My morning routine yesterday wasn’t very remarkable. The alarm went off with its standard annoying noise, my shower was cold (as is usual in a house of 16 interns fighting for precious little warm water), and breakfast was unquestionably mediocre. But just a block away from my bowl of cereal and skim milk, I knew that in an ornate chamber nine individuals would be considering something truly historic.
Growing up gay in a small, conservative town in southeast Texas, I oftentimes felt disconnected from the issues and events of the wider world. For as long as I can remember, I have had the drive to know, to understand, and to be a part of something much larger than my small beginnings. The cases before the Supreme Court are a perfect example of this. Marriage equality is something that not only affects me personally, but is regarded as one of the defining civil rights issues of my generation. Being in DC during this event was truly a stroke of good fortune and I couldn’t pass on the opportunity to be a part of history.
I headed to the steps of the Supreme Court, foolishly thinking that no one would be in line at such an early hour of the morning. How wrong I was. Spanning the length of the sidewalk were some 200+ people waiting for one of the coveted seats in the Supreme Court chamber. My chance of being a part of history, it seemed, looked uncertain. As I worked my way to the end of the line, one woman in the crowd turned to me and said “Don’t get your hopes up for getting a seat.” Luckily, I’m not used to taking advice from strangers, so I soldiered on. At the end of the line, an older lesbian couple from Ohio greeted me and chided my decision not to bring a jacket. Being from Texas, I’m not used to needing any sort of warm clothing in the month of March. Guess I still have a lot to learn about living in DC.
The first 60 or 70 individuals in line, I was told, would be able to sit through the entirety of the oral arguments. The rest of us who were lucky enough to receive a ticket would be rotated into the back portion of the audience seating. After what seemed like ages in the cold and wind, I managed to reach the front of the line and secure a ticket to sit and listen to a brief three-minute portion of the oral arguments in United States v. Windsor. Better to witness a small part of history than none at all!

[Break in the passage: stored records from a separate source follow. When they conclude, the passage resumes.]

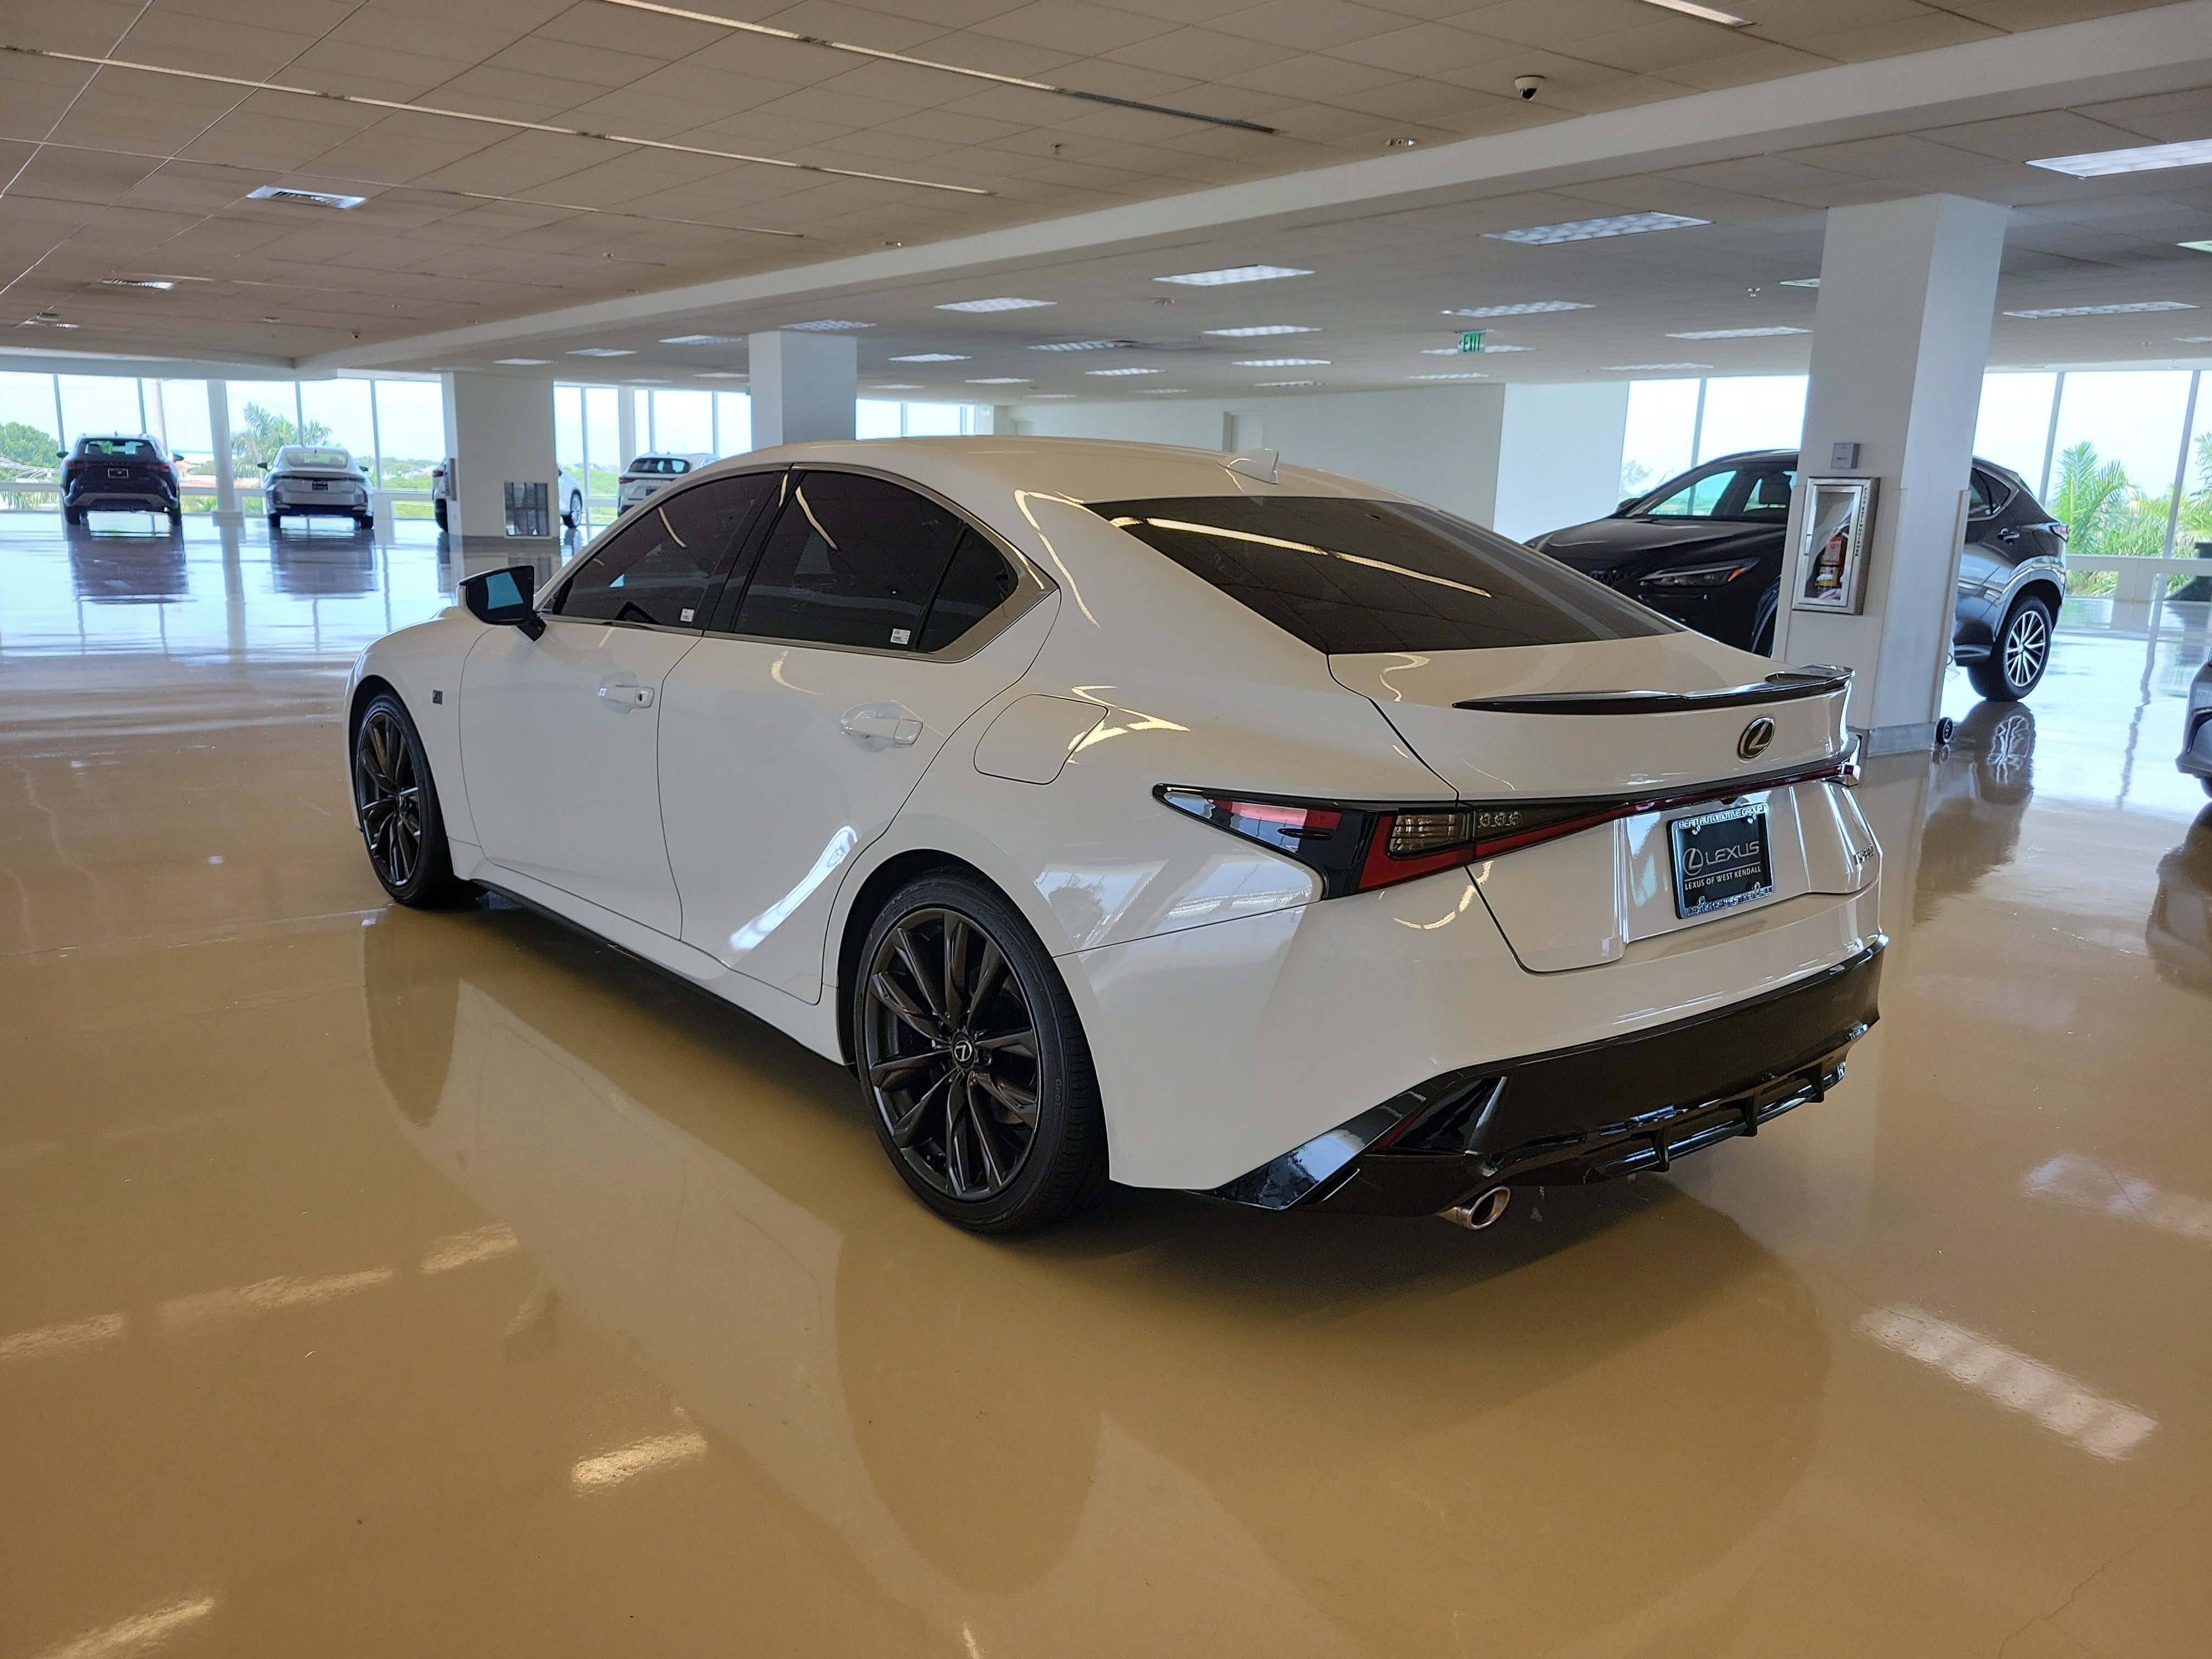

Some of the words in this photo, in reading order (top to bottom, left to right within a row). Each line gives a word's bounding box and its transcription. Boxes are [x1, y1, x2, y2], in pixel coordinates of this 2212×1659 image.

[1463, 332, 1482, 352] EXIT
[1679, 819, 1699, 829] BEAN
[1700, 810, 1741, 825] AUTOMOTIVE
[1742, 805, 1764, 816] GROUP
[1705, 840, 1759, 865] LEXUS
[1685, 880, 1705, 890] LEXUS
[1706, 877, 1714, 885] OF
[1716, 872, 1733, 882] WEST
[1734, 865, 1761, 878] KENDALL

After securing all of my belongings into a locker inside the building, we were placed in another line to await our seating assignments. The nervous excitement and uncertainty from the crowd was palpable. For myself and for others in the line, this case, challenging the federal Defense of Marriage Act (DOMA), had the potential to make a real and lasting influence on our lives. How often do you get the chance to witness your own future in the making?
Luckily, I was given a great seat that had an unobstructed view of the proceedings. During the three minutes I was in the room, Paul Clement, the lawyer defending DOMA on behalf of the so-called Bipartisan Legal Advisory Group, was being questioned by Justices Kennedy and Ginsburg, both of whom seemed critical of DOMA’s constitutionality. Commentators and legal analysts have all pointed to Justice Kennedy as the deciding swing vote on the DOMA case, and I couldn’t help but focus on him during much of my preciously brief time in the room. It’s an odd feeling, looking into the face of someone who has the power to make such a difference in your life. As I looked at him and the other justices, I wondered if they knew how much was riding on the case before them. How many future “I do”s would continue to be treated as second-class? Justice Ginsburg summed up current law in a humorous and relevant way: “There are two kinds of marriage: full marriage and the skim-milk marriage.”As you can probably tell, I’m not a fan of skim milk in my marriage or my breakfast cereal. I, and millions of other LGBT Americans including Edie Windsor, don’t want watered down rights. I left the courtroom hopeful that at least five of those nine justices would see that this is no different from the “separate but equal” arguments of the past.
As DOMA and Proposition 8 begin to fade back into the recesses of the American public’s attention, I continue to remind myself that legal recognition for same-sex couples is just one piece in the enormous puzzle for equality. While TIME Magazine’s newest cover declares “Gay Marriage Already Won,” the sad reality is that LGBT Americans continue to be treated as second-class citizens on a host of issues. Today, in 29 states (including my home state of Texas), you can be legally fired from your job just for living your life openly gay. In 34 states, you can be fired for your gender identity. And for thousands of binational same-sex couples and undocumented LGBT immigrants, the threat of deportation remains a daily source of fear and isolation. These issues may not get the media coverage or viral appeal that marriage equality does, but they nonetheless affect the lives and livelihoods of our friends, families, and neighbors in real ways. Let’s not forget that.
The road to “a more perfect union” will be a long and difficult one. But no matter what happens, I will hold these words of Dr. Martin Luther King, Jr. close to my heart: “The arc of the moral universe is long, but it bends towards justice.” I’m doing my best to make sure that becomes reality sooner rather than later.